The text for this lesson is Genesis 6:9–9:17
- From the moment of birth, my heart is inclined toward evil and unbelief. I deserve to be drowned in the flood of God’s wrath.
- Law: In this world of sin, the Church of God will be persecuted on account of Christ, resulting in suffering for me and all believers.
- Gospel: Out of His pure goodness and mercy, God rescues me from sin, death, and the devil, washing away my sins for the sake of His Son, Jesus, who suffered, died, and rose again for me..
- In the generations before Noah, the world fell more and more into the sin of unbelief. One example of this widespread wickedness is given in the opening verses of Genesis 6. The “sons of God” were marrying the “daughters of man” (v. 2). This probably refers to believing descendants of Seth (“sons of God”) falling into apostasy because they married unbelieving descendants of Cain (“daughters of man”). The text also tells us that original sin had so corrupted humanity that the inclinations of their hearts were only evil, all of the time (v. 5). In response, God announces judgment on His fallen creation. All of humanity, indeed all living things, would be destroyed, except for Noah and his family, who trust in God. They and the animals they gather into the ark are saved.
- The account of the worldwide flood is one of the most scandalous in all the Scriptures. It is also one of the most beautiful in its presentation of the Gospel.Flood narratives were common in the ancient world. In the epics of Gilgamesh and Atrahasis, the gods decide to destroy the world with a flood because the people of the earth are too noisy (the earth has become overpopulated) and the gods cannot get the sleep they want. They save one man and his family so that the gods can continue to be worshiped.

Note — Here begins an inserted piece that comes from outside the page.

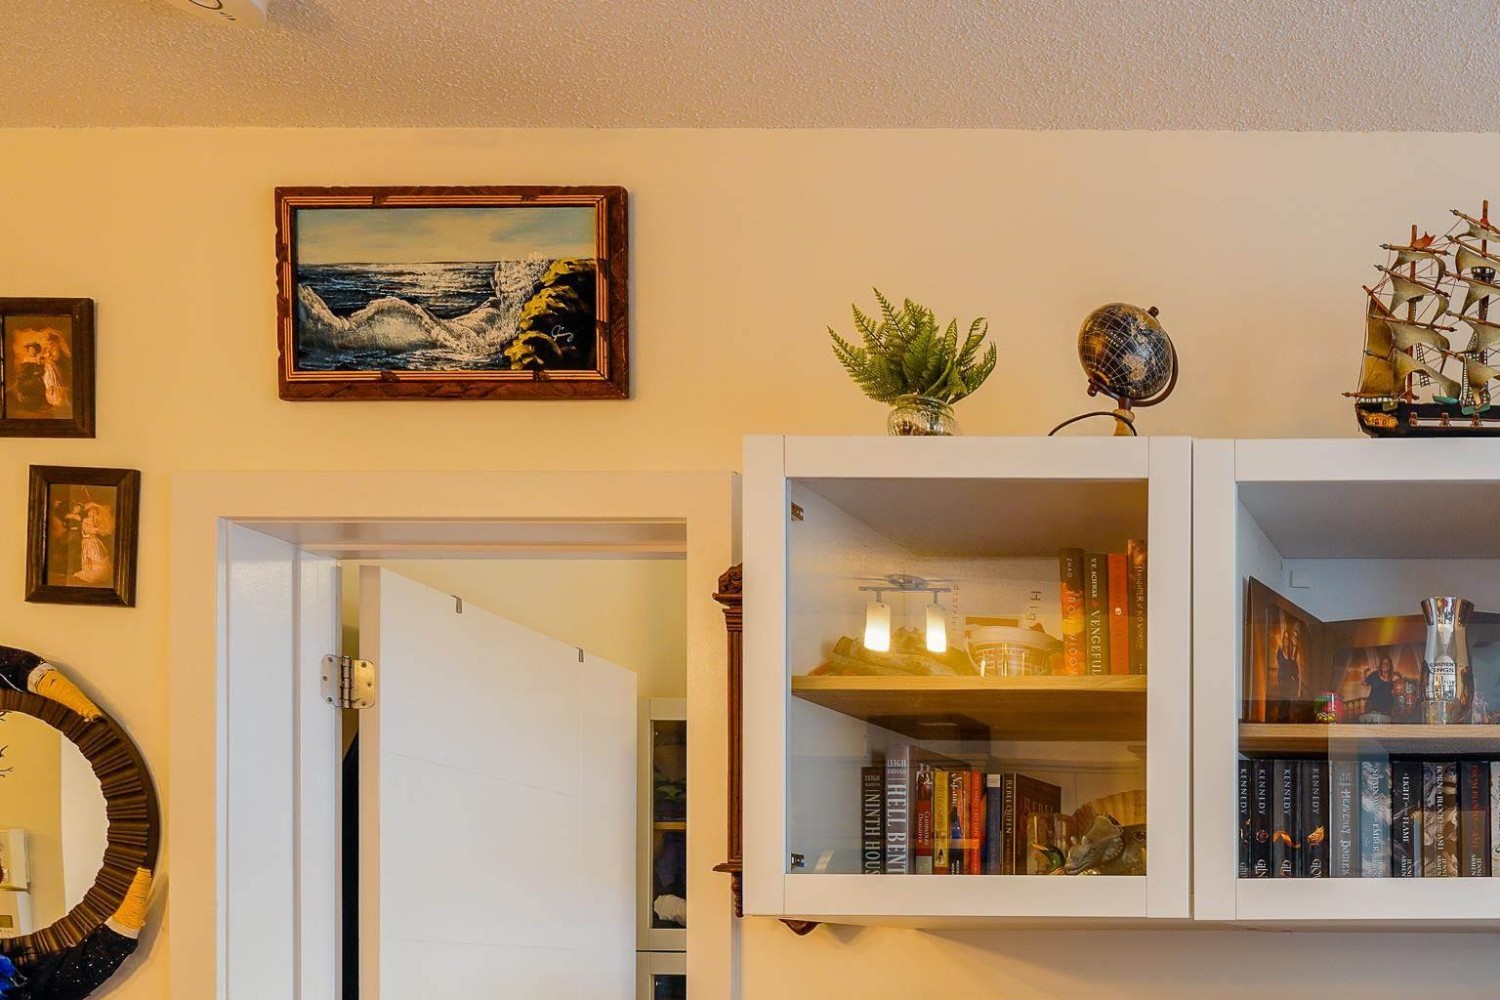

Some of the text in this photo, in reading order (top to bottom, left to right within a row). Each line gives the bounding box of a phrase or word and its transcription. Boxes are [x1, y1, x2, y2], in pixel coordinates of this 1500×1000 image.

Because of these epics, the world often tries to argue that what we have in the Scriptures is plagiarized from other Near Eastern literature. This allows them to discount the biblical flood account as a fictional story with no enduring historical or theological value. There are two problems with this perspective. First, the other accounts could just as easily have been derived from the biblical account. Second, the other accounts offer a theology that is completely at odds with that of the Scriptures.
The gods of the ancient epics are self-serving and care nothing for the welfare of humanity. The God of Scripture is at the same time angry with the people of the earth because of their unbelief, yet compassionate toward them. It grieves God that the coming judgment is necessary (Genesis 6:6–7). He would rather have not created humanity than be forced to destroy it. God saves Noah and his family because they still believe and trust in Him. Noah is a “righteous” man (v. 9). Righteousness in the Scriptures is always a matter of faith, never a matter of good or righteous deeds (15:6).
The Book of Hebrews says that Noah’s building of the ark “condemned the world” (11:7). It demonstrated that because of the world’s unbelief, wrath was coming to wipe out all life that was not saved in the ark. After Noah and his family enter the ark, God shuts the door. God Himself is taking responsibility for the flood. He alone has the authority to execute judgment against the unbelieving world.
The salvation of the eight people in the ark is used in the New Testament to point to the rescue we receive in Baptism. Our old Adam is drowned and dies, but we are saved and granted a clean conscience before God (1 Peter 3:18–21).
The flood shows us what we all deserve: wrath, death, and destruction. The ark shows us what we all receive on account of God’s mercy: eternal life, earned for us by Christ on the cross and given to us through the waters of Baptism.